Fin dagli esordi parigini alla fine degli anni Venti, Schiaparelli ha dimostrato una visione capace di anticipare i tempi, combinando funzionalità e immaginazione. I primi capi sportivi, tra cui il celebre maglione con motivo illusionistico, raccontano una moda pensata per una donna moderna, libera nei movimenti ma mai priva di ironia e sperimentazione. In mostra emerge chiaramente come già in questa fase iniziale la stilista fosse in grado di trasformare elementi quotidiani in oggetti di forte impatto visivo.
Il cuore dell’esposizione è dedicato al dialogo con le avanguardie artistiche. Le collaborazioni con figure come Salvador Dalí e Jean Cocteau testimoniano un approccio alla moda che supera la dimensione estetica per diventare espressione culturale e concettuale. Abiti come lo Skeleton Dress o il Lobster Dress non sono semplici creazioni sartoriali, ma veri e propri manifesti visivi, in cui il corpo si trasforma in superficie narrativa e simbolica.

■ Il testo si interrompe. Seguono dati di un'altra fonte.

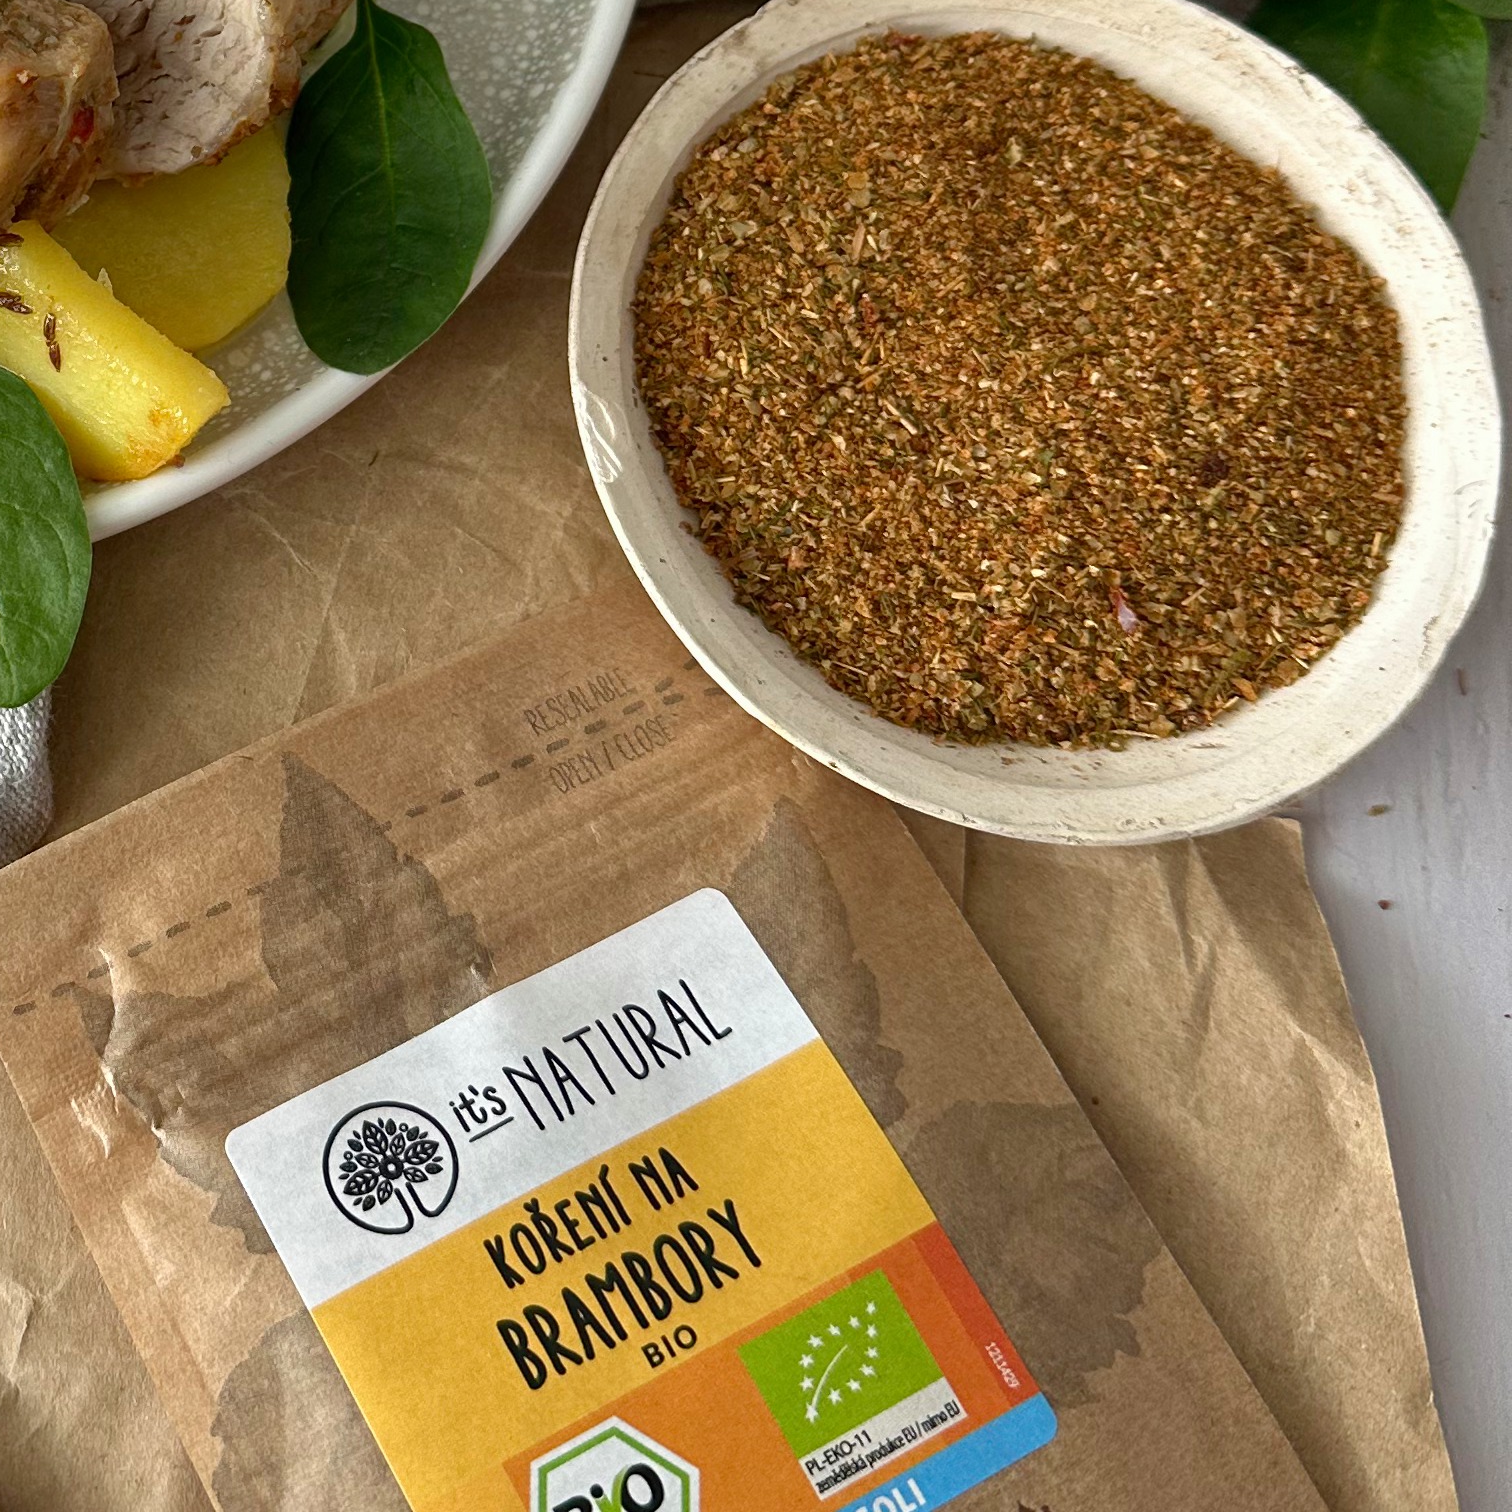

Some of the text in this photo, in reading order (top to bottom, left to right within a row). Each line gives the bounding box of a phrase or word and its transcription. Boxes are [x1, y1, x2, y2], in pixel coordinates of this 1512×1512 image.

[524, 667, 632, 737] RESEALABLE
[547, 715, 677, 794] OPEN / CLOSE
[449, 978, 733, 1133] it's NATURAL
[483, 1146, 700, 1289] KOŘENÍ NA
[496, 1198, 762, 1390] BRAMBORY
[641, 1324, 698, 1369] BIO
[805, 1429, 872, 1476] PL-EKO-11
[901, 1424, 918, 1444] EU
[944, 1399, 962, 1419] EU
[854, 1478, 926, 1512] OLI

Il percorso espositivo approfondisce anche il rapporto tra Schiaparelli e il contesto londinese, ricordando l’apertura negli anni Trenta di un salone nel quartiere di Mayfair, che contribuì a diffondere il linguaggio surrealista nella società britannica. Tra i pezzi più significativi spicca un raro abito da sposa della stilista, esempio di una femminilità più delicata ma comunque ricca di riferimenti colti e sperimentali.
La mostra si conclude con uno sguardo al presente, affidato al lavoro dell’attuale direttore creativo Daniel Roseberry, alla guida della maison dal 2019. Le sue collezioni reinterpretano i codici storici del marchio con un linguaggio contemporaneo, mantenendo intatto lo spirito audace e visionario della fondatrice. Le creazioni più recenti dimostrano come l’eredità di Schiaparelli continui a influenzare la moda globale, confermando la sua rilevanza oltre le logiche stagionali.

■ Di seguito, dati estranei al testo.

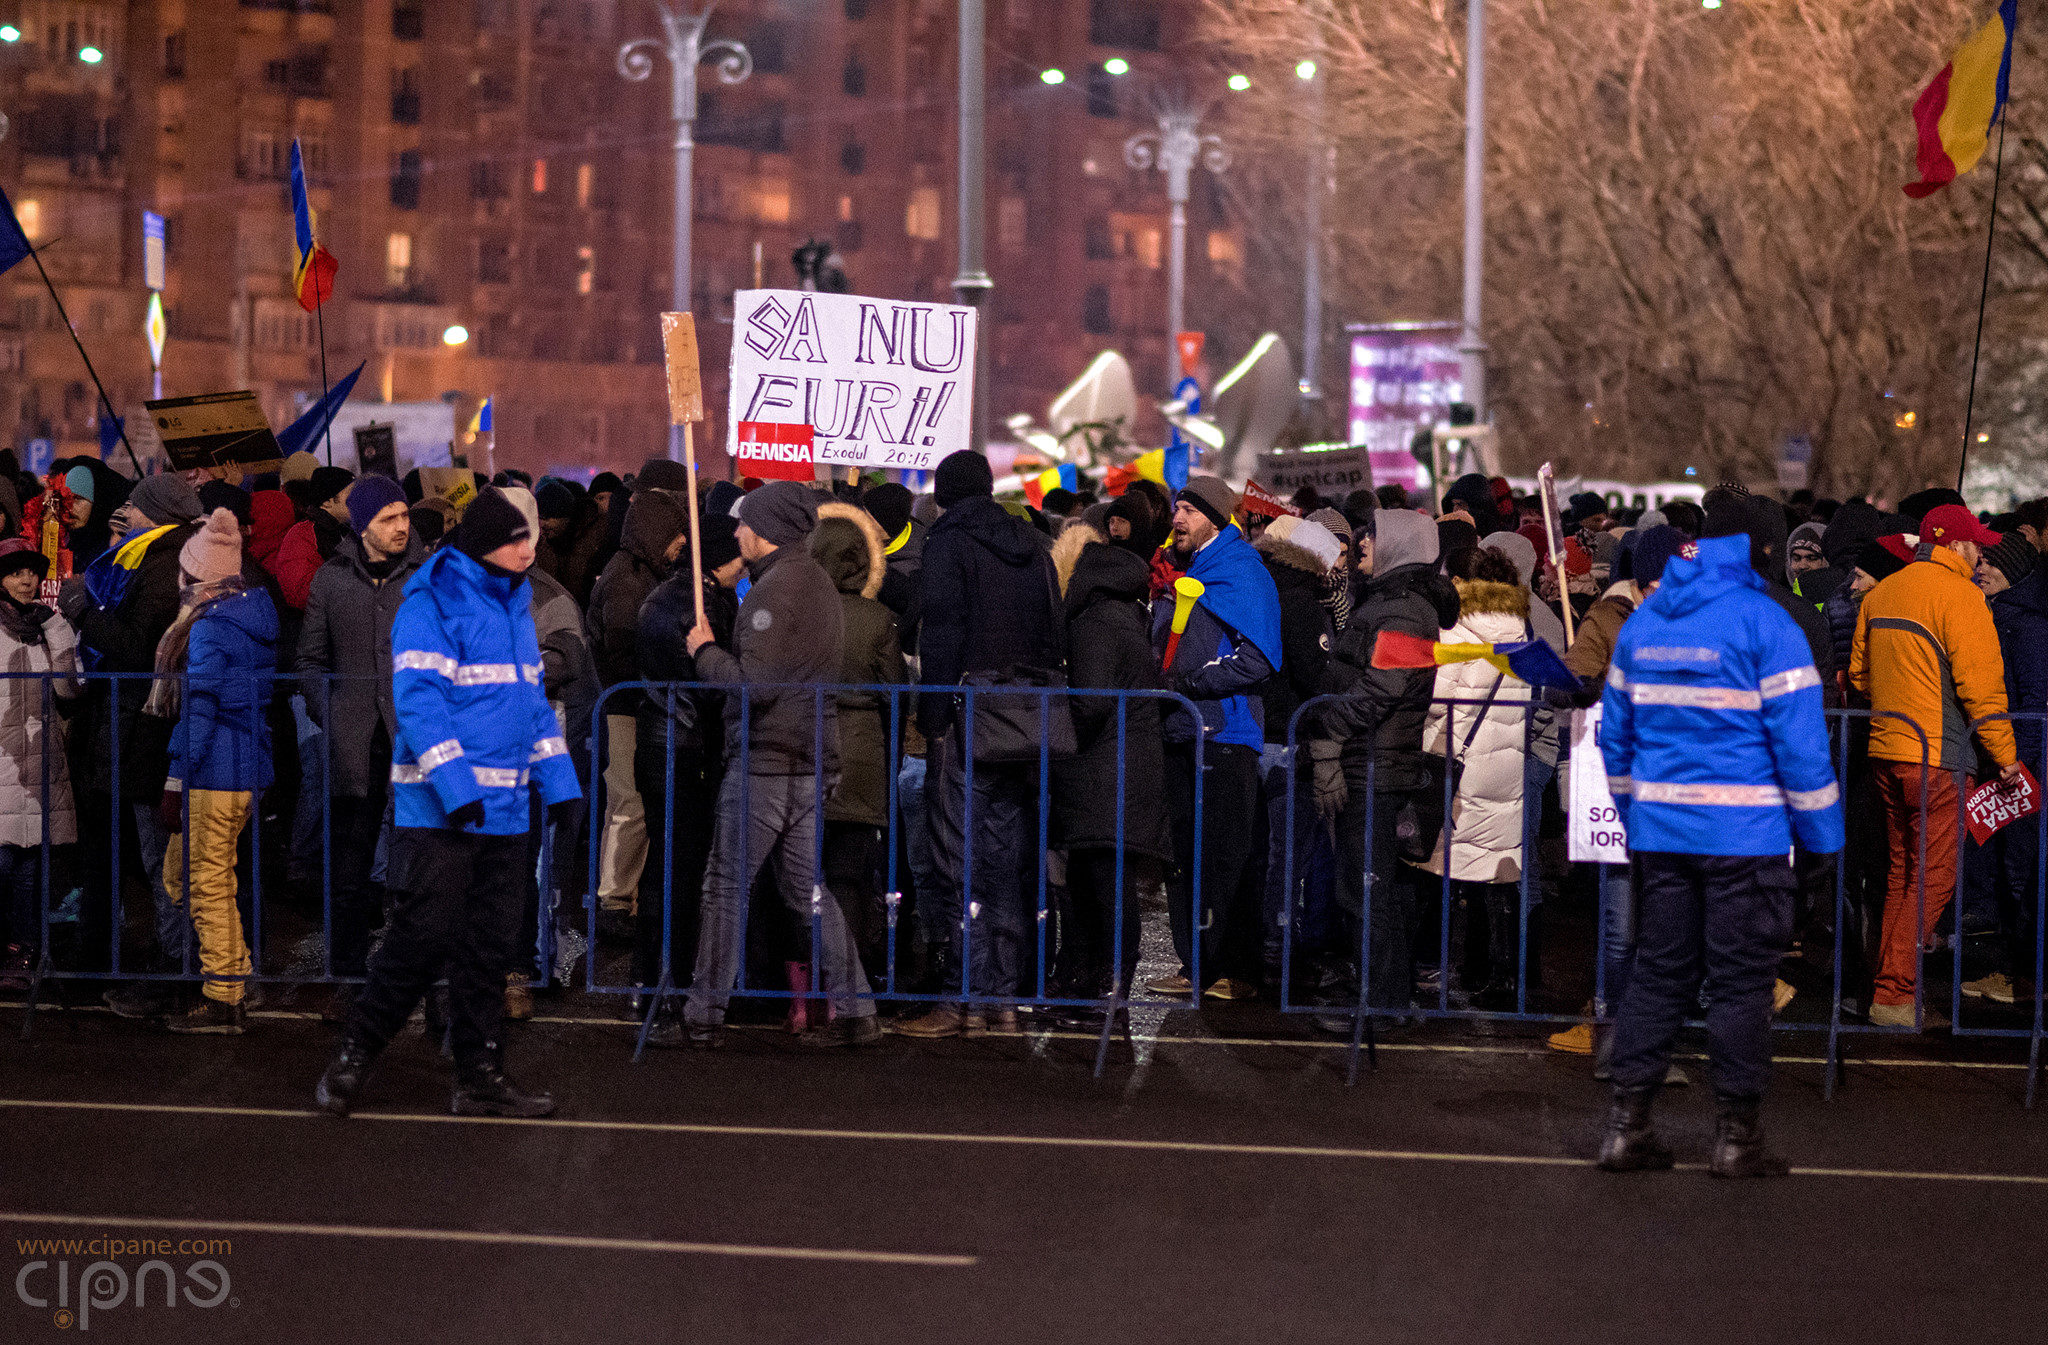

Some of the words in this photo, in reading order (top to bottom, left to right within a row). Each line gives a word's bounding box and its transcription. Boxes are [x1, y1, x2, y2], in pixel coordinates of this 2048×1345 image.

[744, 293, 828, 364] SĂ
[855, 303, 969, 374] NU
[738, 441, 813, 464] DEMISIA
[821, 441, 869, 461] Exodul
[884, 448, 932, 467] 20:15
[1966, 782, 2001, 812] UVERN
[1590, 830, 1625, 847] IOR

Più che una semplice retrospettiva, l’esposizione londinese si configura come un’indagine sulla capacità della moda di dialogare con l’arte e con il pensiero del proprio tempo. Un percorso che restituisce tutta la modernità di una designer che ha saputo trasformare l’abito in un mezzo espressivo complesso, capace di attraversare epoche e linguaggi senza perdere forza.